祭火节的“意外”,如同投入死水潭的巨石,在浪穹故地激起了层层涟漪,经久不息。
于赠与利罗式的关系彻底破裂。次日,利罗式便带着自己的人马,撤出了镇守府,在寨子另一头扎营,俨然形成了对峙之势。他加派了大量斥候,不仅监视浪穹各寨,连于赠部下的动向也纳入监察范围,同时以八百里加急向羊苴咩城的洪成矢送去密报,内容不言而喻,必是极力渲染于赠治理无能、勾结遗民、甚至意图谋害监军。
于赠惊怒交加,却也无可奈何。他深知洪成矢在皮逻阁心中的分量,若利罗式的报告先入为主,自己必将大祸临头。他一方面紧急上书自辩,将祭火节事件定性为“意外”,并将部分责任推给“监管不力”的利罗式,另一方面,对爨崇道的态度却发生了微妙的变化。那日爨崇道“舍身”相救之举,在他心中留下了深刻印象。在这孤立无援、备受猜忌的时刻,这位学识渊博、态度恭顺,且似乎与洪成矢并非一系的“戴罪”之人,竟成了他唯一可以稍微信任和依赖的对象。
“崇道啊,”于赠的语气亲切了许多,“利罗式小儿,欺人太甚!他这是要置我于死地啊!如今这局面,你看该如何是好?”
爨崇道心中了然,面上却露出忧色:“将军,利罗监军此举,确实令人心寒。然其背后乃洪成矢将军,不可正面冲突。当务之急,是稳住浪穹局势,做出政绩,让诏主(皮逻阁)看到将军的能力与忠心。只要浪穹安稳,盐铁转运顺畅,利罗监军纵有谗言,也难动将军根基。”
“安稳?谈何容易!”于赠苦笑,“那些浪穹遗孽,表面顺从,背地里不知在谋划什么!祭火节之事,我看未必真是意外!”
爨崇道顺势引导:“将军明鉴。浪穹遗民,心怀故国,乃情理之中。强硬弹压,恐适得其反,正中了……某些希望此地大乱之人的下怀。”他刻意停顿,暗示利罗式可能希望局面失控以坐实于赠的罪名。“崇道以为,当刚柔并济。一,加强要道巡查,展示军威,使其不敢轻举妄动;二,或可适当减免部分税赋,开通几处边市,让其得些实惠,缓和怨气。同时,将军可遴选部分寨子头人,给予些许虚职荣誉,加以笼络……如此,既能彰显将军仁政,又能分化其众,使其难以拧成一股绳。”

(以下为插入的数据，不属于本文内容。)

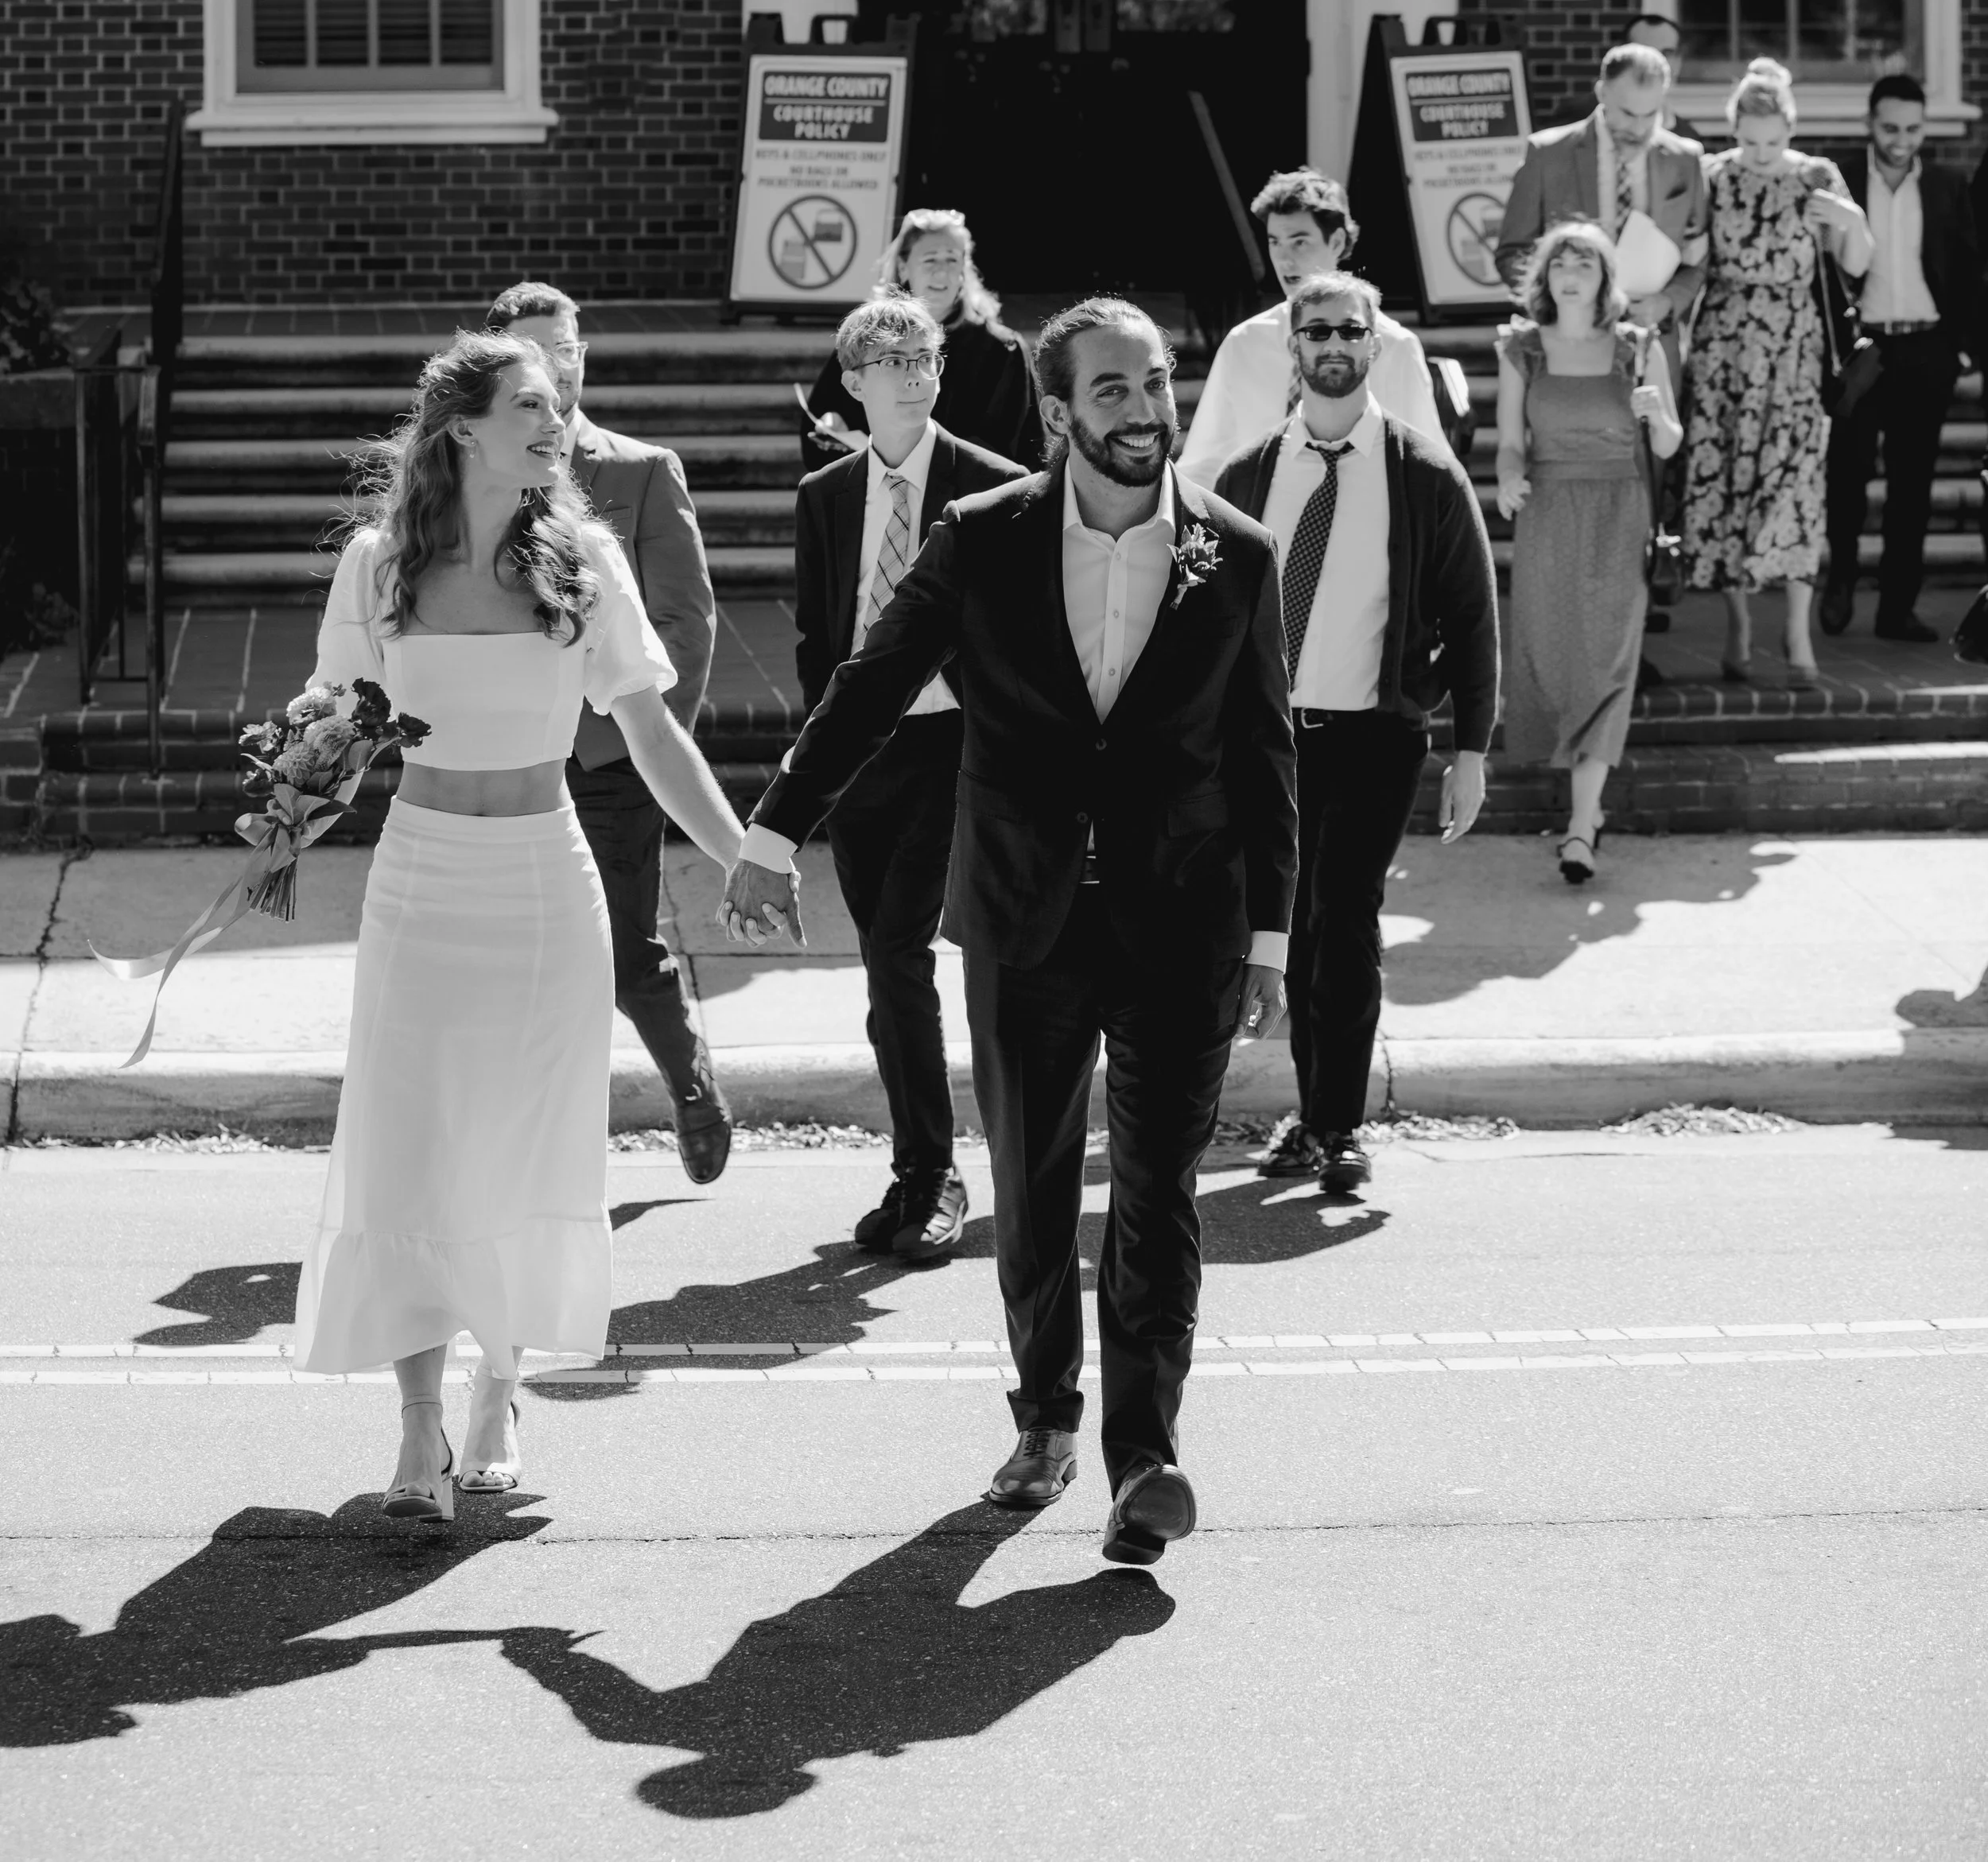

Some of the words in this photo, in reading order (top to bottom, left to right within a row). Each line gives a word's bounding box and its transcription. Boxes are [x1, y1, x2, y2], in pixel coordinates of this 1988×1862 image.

这套说辞,既符合皮逻阁“安抚”的大政方针,又切合于赠稳定局面、做出政绩的需求,更妙的是,其中“开通边市”、“笼络头人”等举措,恰好为爨崇道暗中联络各方、转运物资提供了绝佳的掩护。
于赠听得连连点头:“善!就依先生之策!”他当即授权爨崇道协助处理部分民政,尤其是与各寨头人的联络事宜。
至此,爨崇道终于在浪穹获得了初步的行动自由和一定的权力空间。他利用协助于赠“安抚”的机会,光明正大地出入各寨,与岩嘎等人的接触更加频繁而隐蔽。在他的“建议”下,几处位于深山边缘、便于控制的边市得以开设,纳族人运来的盐铁、药材,混杂在普通货品中,源源不断地流入浪穹遗民手中。而浪穹遗民采集的山货、皮毛,也通过这些渠道换取急需的物资,反抗力量得以悄然壮大。
这一日,爨崇道借巡查边市之名,与岩嘎在一处僻静的山涧会面。
“公子,好消息!”岩嘎压抑着兴奋,“派往吐蕃的信使回来了!”
爨崇道精神一振:“情况如何?”
“过程颇为曲折,”岩嘎低声道,“吐蕃内部并非铁板一块,接待我们的人,属于与论钦陵(吐蕃权相,主战派)不睦的一系。他们对于牵制南诏颇感兴趣,但要求我们证明自身的价值。”
“如何证明?”
“他们提出两个条件。”岩嘎伸出两根手指,“首先,需要一份能体现南诏在浪穹、施浪乃至更广阔区域军事布防、粮草囤积点的详图,越精确越好。其次,他们希望我们能制造一些‘事端’,规模不需太大,但要能吸引皮逻阁的注意力,最好是能牵制洪成矢部分兵力,让他们在边境的其他方向有机可乘。”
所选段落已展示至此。